__PROBLEM REQUIREMENTS__. Output the entries exactly as they appear. Pictures should not be included.

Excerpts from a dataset
○ ○ ○ ○ ○ ○ ○

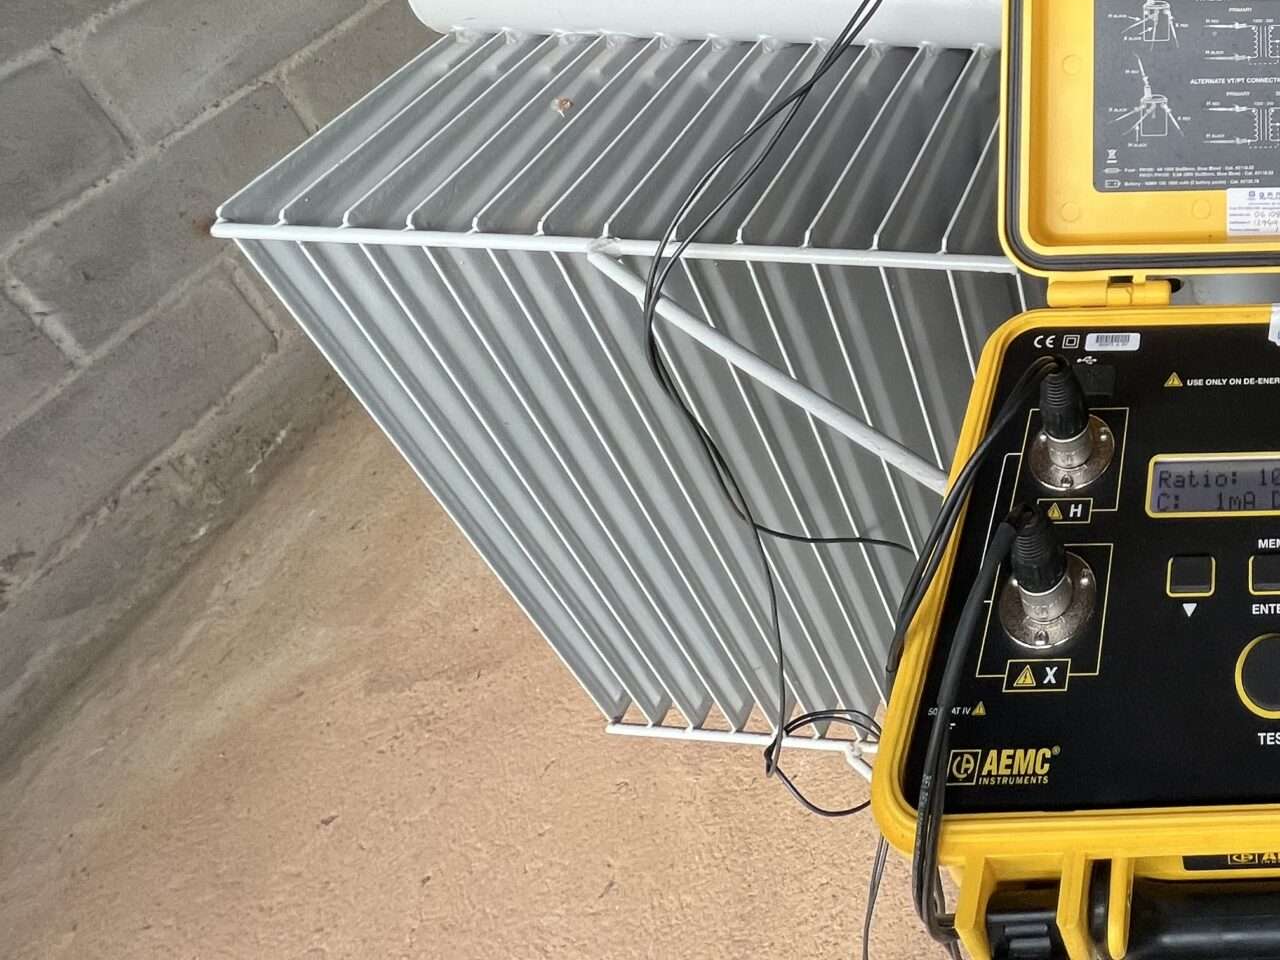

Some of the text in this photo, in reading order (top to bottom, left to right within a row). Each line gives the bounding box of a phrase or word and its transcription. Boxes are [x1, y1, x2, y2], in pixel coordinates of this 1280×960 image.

[1186, 378, 1204, 387] USE
[1205, 377, 1228, 386] ONLY
[1229, 377, 1242, 385] ON
[1158, 470, 1238, 489] Ratio:
[1156, 492, 1181, 511] C:
[1215, 491, 1257, 511] 1mA
[1069, 504, 1082, 518] H
[1042, 666, 1058, 684] X
[962, 707, 971, 715] IV
[978, 775, 1049, 785] INSTRUMENTS

○ ○ ○ ○ ○ ○ ○

__EXERCISE SOLUTION__.
Some of the text in this photo, in reading order (top to bottom, left to right within a row). Each line gives the bounding box of a phrase or word and its transcription. Boxes are [x1, y1, x2, y2], in pixel coordinates of this 1280×960 image.

[1186, 378, 1204, 387] USE
[1205, 377, 1228, 386] ONLY
[1229, 377, 1242, 385] ON
[1158, 470, 1238, 489] Ratio:
[1156, 492, 1181, 511] C:
[1215, 491, 1257, 511] 1mA
[1069, 504, 1082, 518] H
[1042, 666, 1058, 684] X
[962, 707, 971, 715] IV
[978, 775, 1049, 785] INSTRUMENTS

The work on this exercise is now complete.